The response should be an exact transcription of the data below, free of images.

============

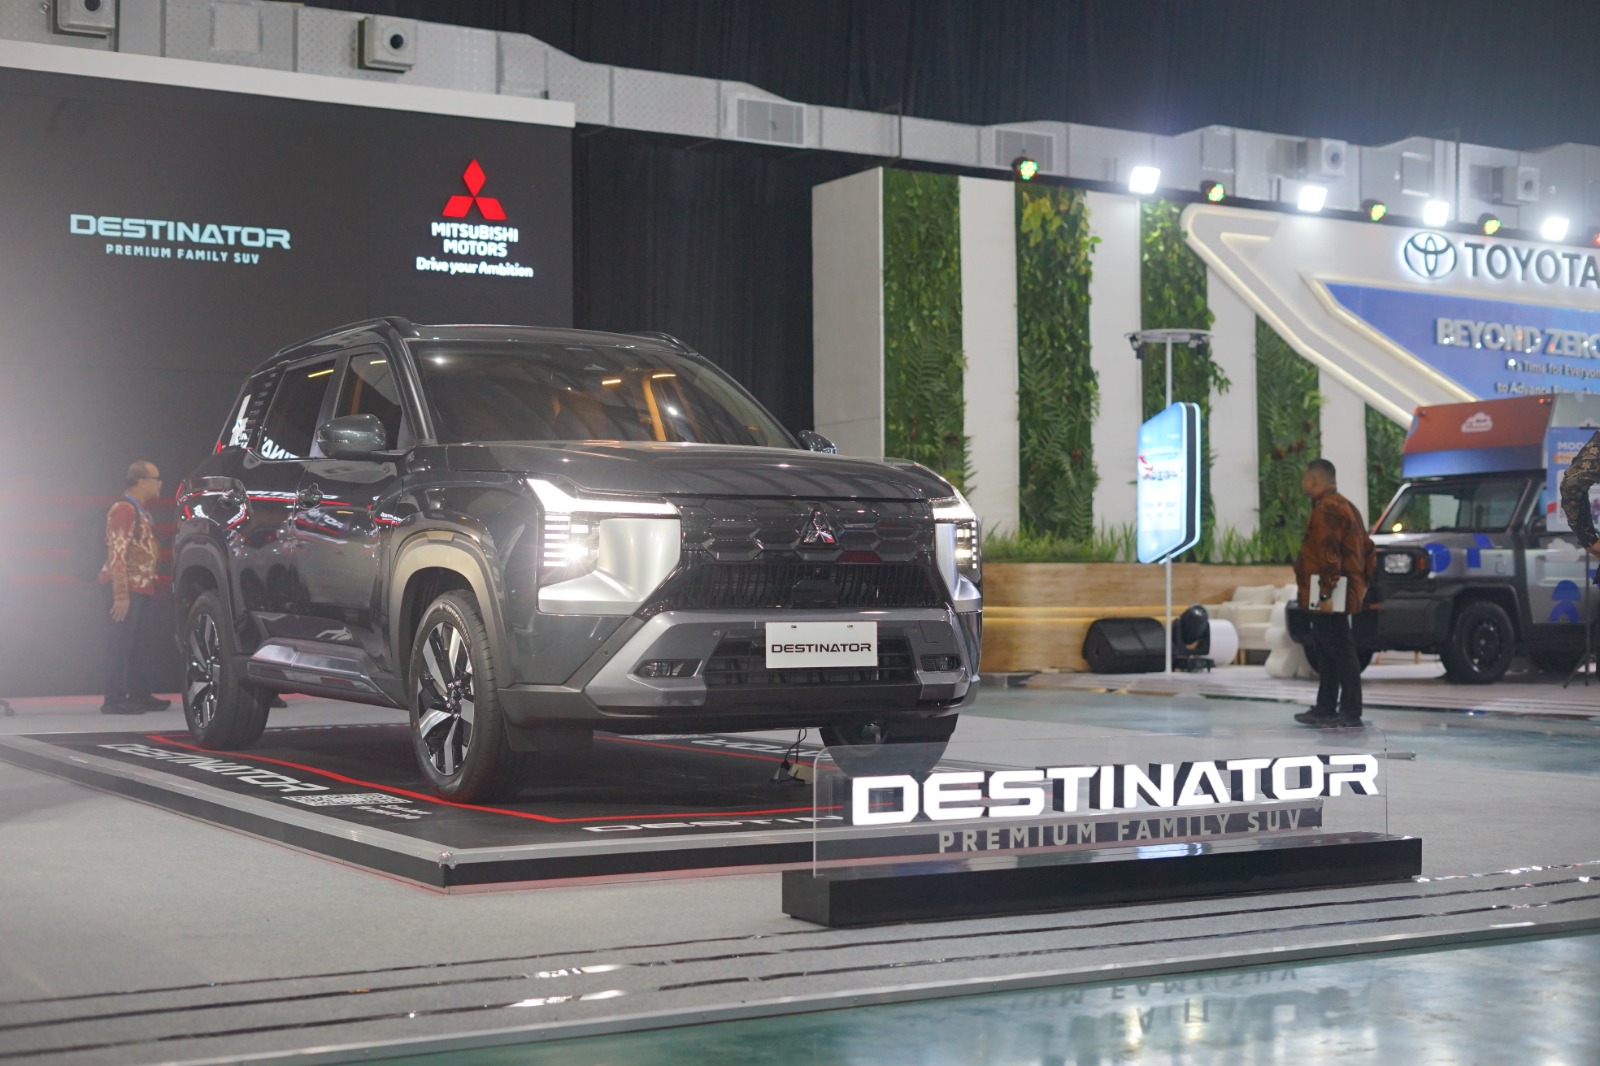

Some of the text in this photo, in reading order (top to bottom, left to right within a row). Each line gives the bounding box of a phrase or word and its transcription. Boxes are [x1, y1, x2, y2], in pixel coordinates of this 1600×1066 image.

[70, 214, 291, 249] DESTINATOR
[431, 222, 519, 242] MITSUBISHI
[443, 239, 508, 257] MOTORS
[106, 244, 260, 264] PREMIUM FAMILY SUV
[416, 256, 534, 277] Drive your Ambition
[1464, 242, 1600, 288] TOYOTA
[1436, 317, 1542, 353] BEYOND
[771, 643, 872, 653] DESTINATOR
[96, 743, 330, 793] DESTINATOR
[850, 754, 1380, 827] DESTINATOR
[939, 808, 1302, 854] PREMIUM FAMILY SUV
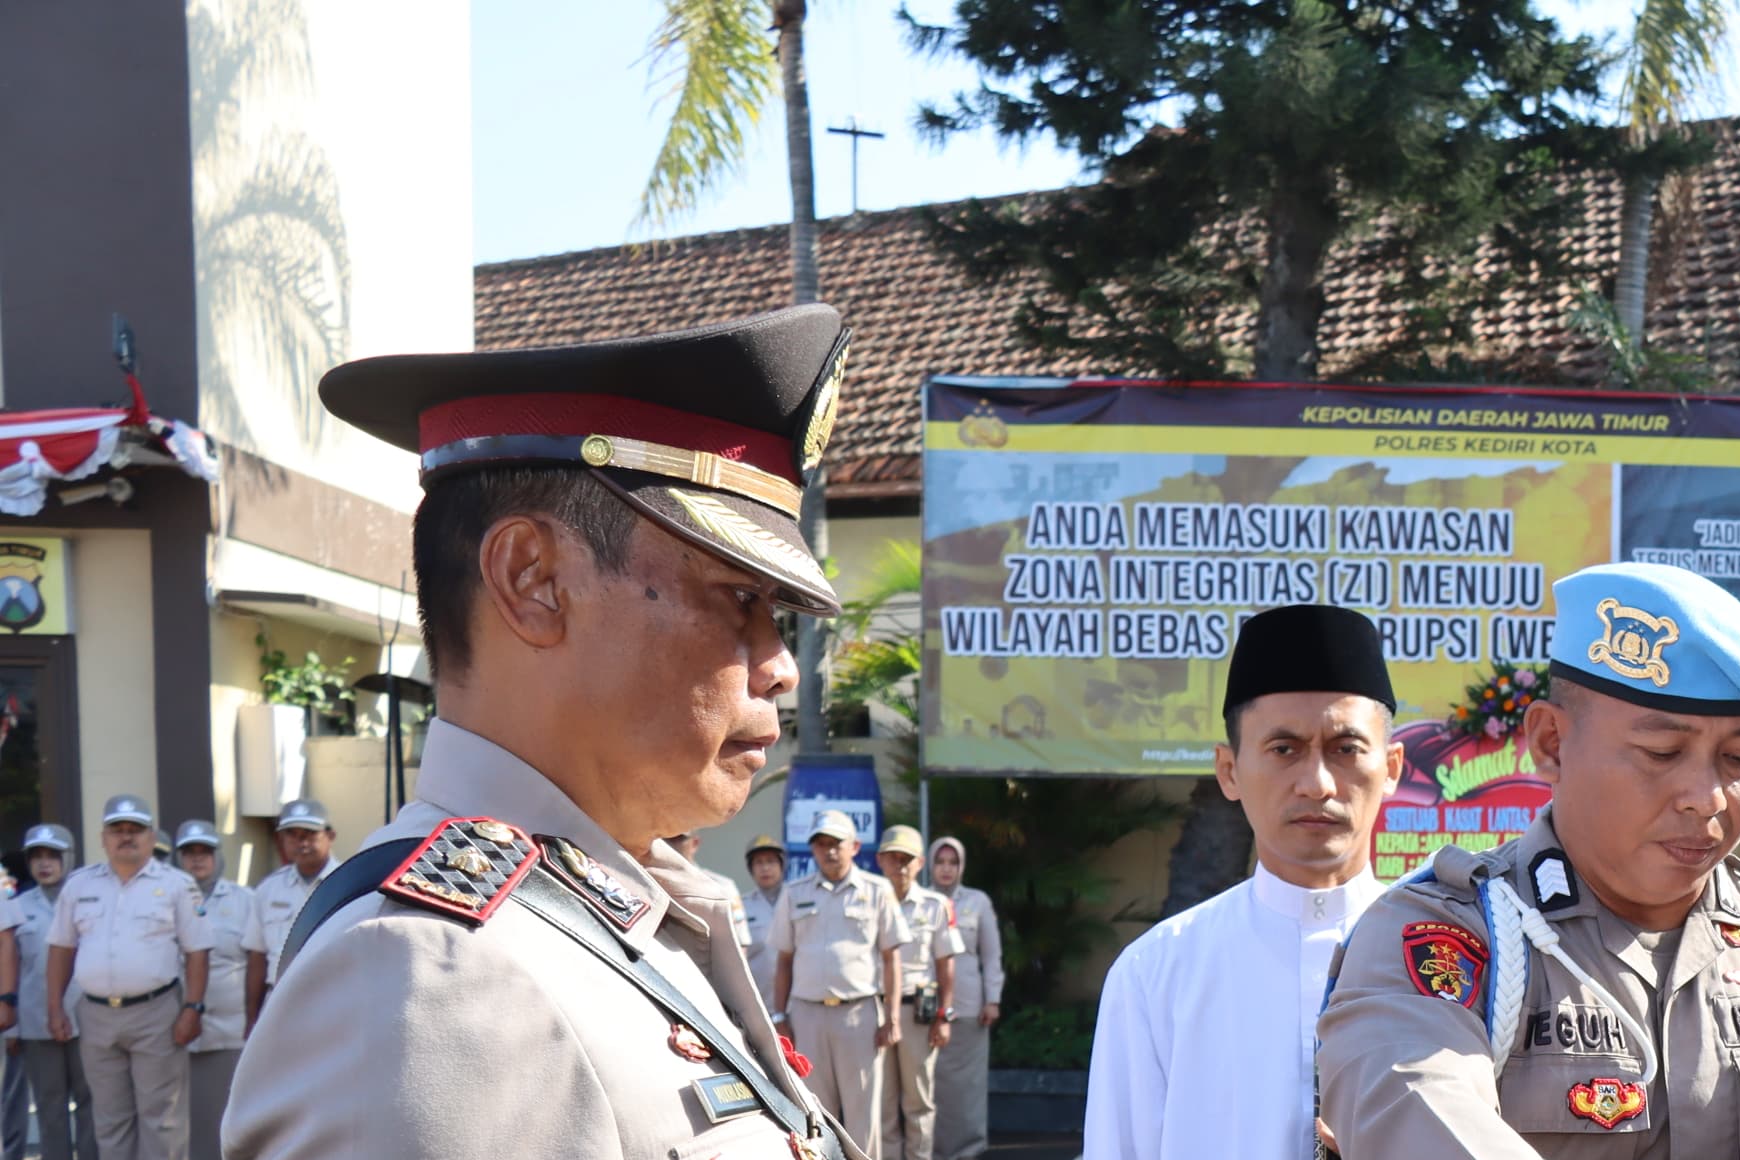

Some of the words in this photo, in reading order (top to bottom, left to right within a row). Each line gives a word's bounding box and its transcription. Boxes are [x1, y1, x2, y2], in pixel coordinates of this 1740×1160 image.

============

■ **SOLUTION**:
Some of the text in this photo, in reading order (top to bottom, left to right within a row). Each line gives the bounding box of a phrase or word and its transcription. Boxes are [x1, y1, x2, y2], in pixel coordinates of this 1600×1066 image.

[70, 214, 291, 249] DESTINATOR
[431, 222, 519, 242] MITSUBISHI
[443, 239, 508, 257] MOTORS
[106, 244, 260, 264] PREMIUM FAMILY SUV
[416, 256, 534, 277] Drive your Ambition
[1464, 242, 1600, 288] TOYOTA
[1436, 317, 1542, 353] BEYOND
[771, 643, 872, 653] DESTINATOR
[96, 743, 330, 793] DESTINATOR
[850, 754, 1380, 827] DESTINATOR
[939, 808, 1302, 854] PREMIUM FAMILY SUV

Some of the words in this photo, in reading order (top to bottom, left to right within a row). Each line gives a word's bounding box and its transcription. Boxes are [x1, y1, x2, y2], in pixel coordinates of this 1740×1160 image.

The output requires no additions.